What to do ▸ Print the entries exactly; no image belongs in the copy.

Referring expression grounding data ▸

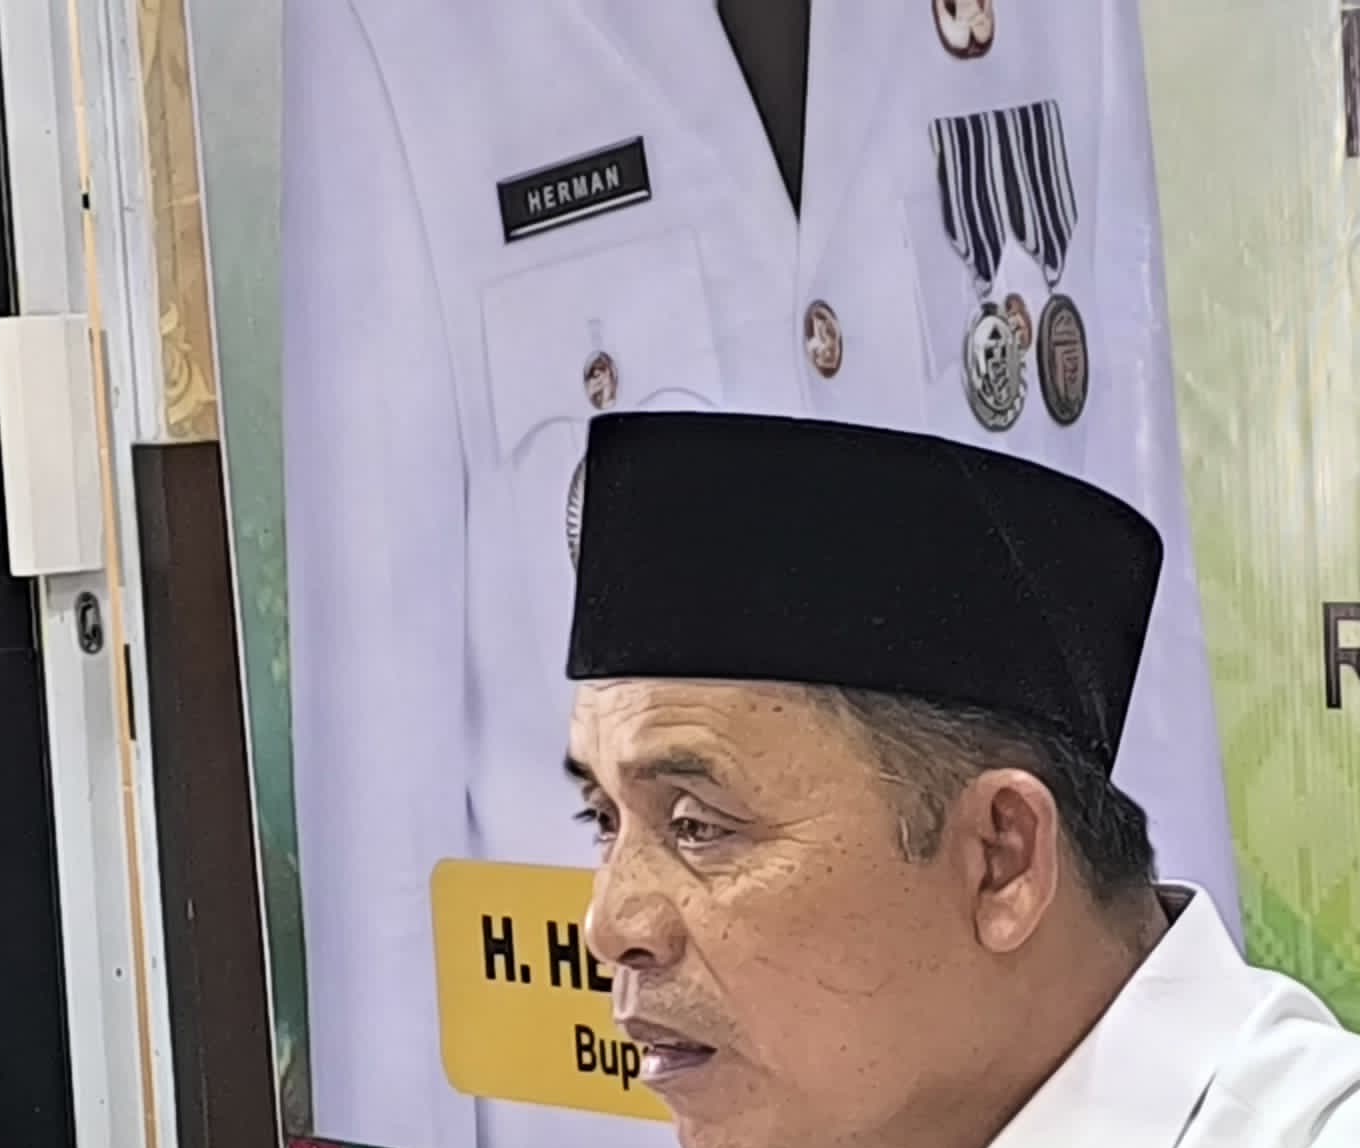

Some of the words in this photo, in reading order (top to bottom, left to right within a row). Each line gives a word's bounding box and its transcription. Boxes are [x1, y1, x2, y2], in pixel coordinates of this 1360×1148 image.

[527, 164, 620, 214] HERMAN
[481, 914, 531, 984] H.
[574, 1023, 649, 1091] Bup
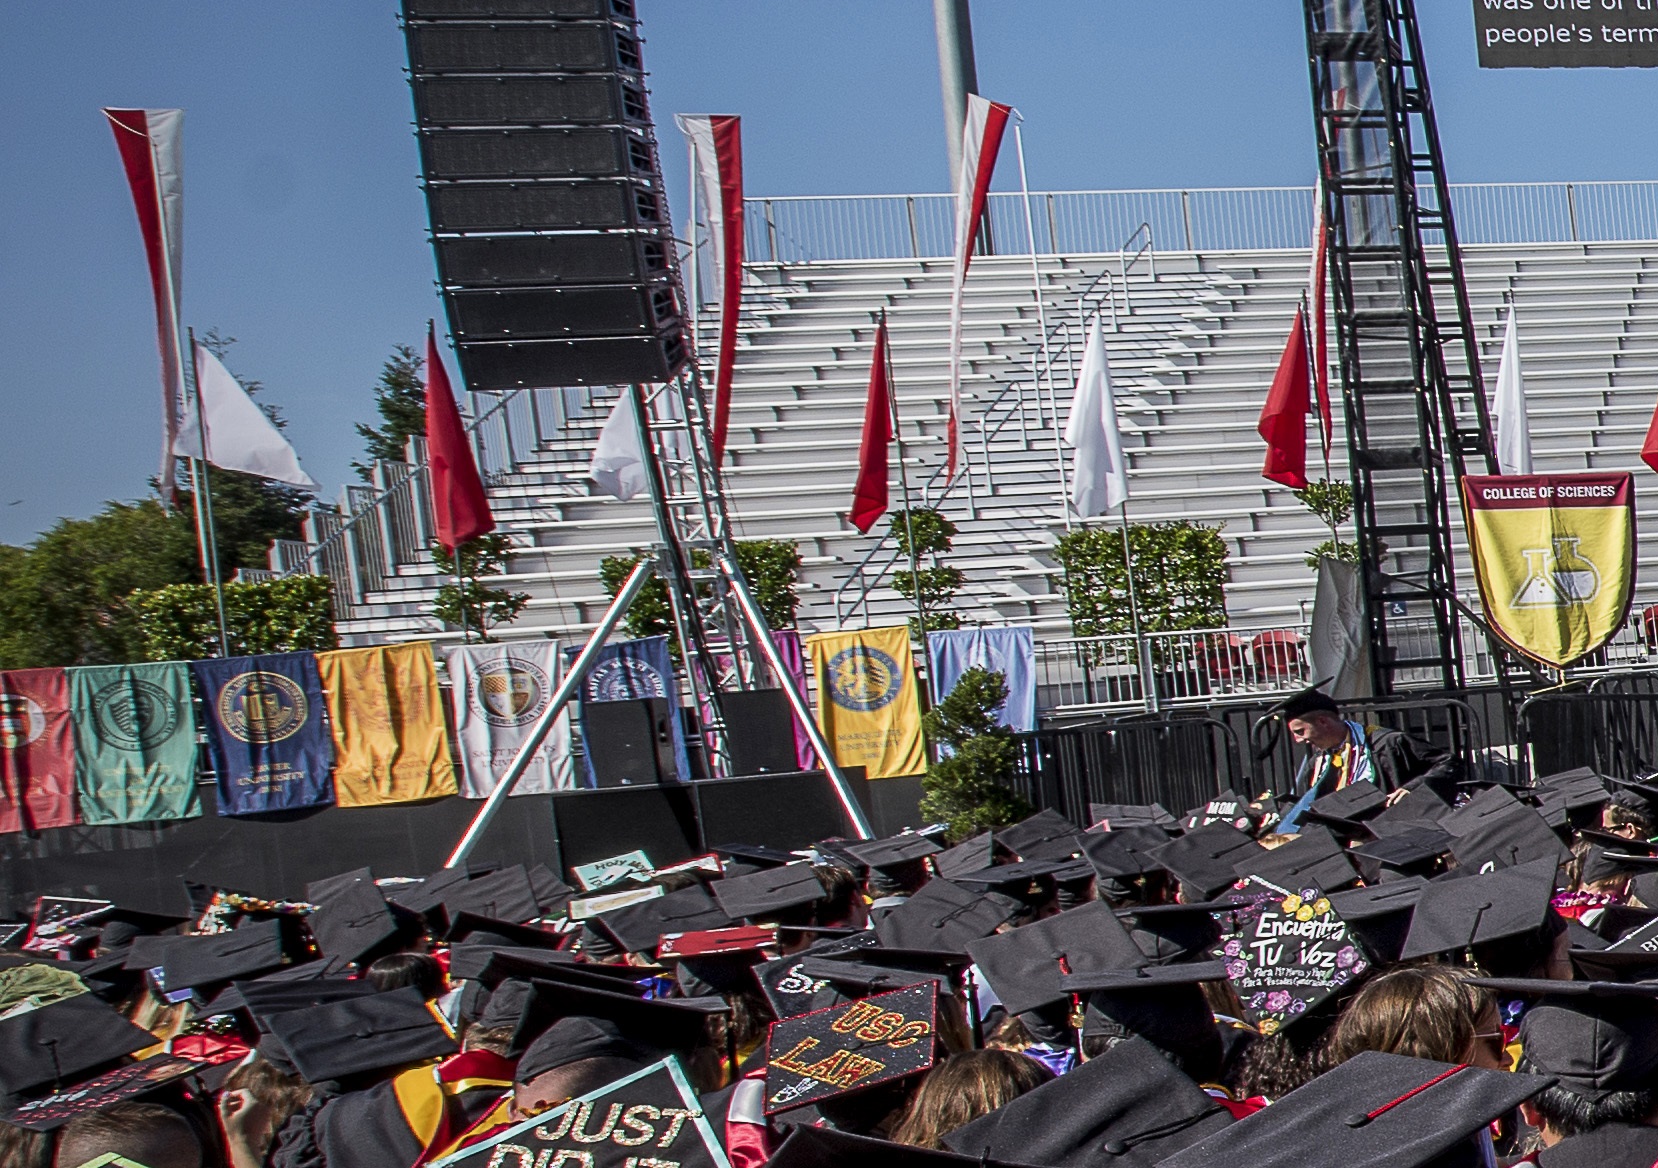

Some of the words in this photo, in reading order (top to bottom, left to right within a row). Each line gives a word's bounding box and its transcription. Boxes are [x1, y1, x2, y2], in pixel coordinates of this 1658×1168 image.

Answer for the task ▸
Some of the words in this photo, in reading order (top to bottom, left to right within a row). Each line gives a word's bounding box and its transcription. Boxes are [x1, y1, x2, y2], in pixel coordinates of this 1360×1148 image.

[527, 164, 620, 214] HERMAN
[481, 914, 531, 984] H.
[574, 1023, 649, 1091] Bup

Some of the words in this photo, in reading order (top to bottom, left to right within a row). Each line gives a word's bounding box and its transcription. Boxes are [x1, y1, x2, y2], in pixel coordinates of this 1658×1168 image.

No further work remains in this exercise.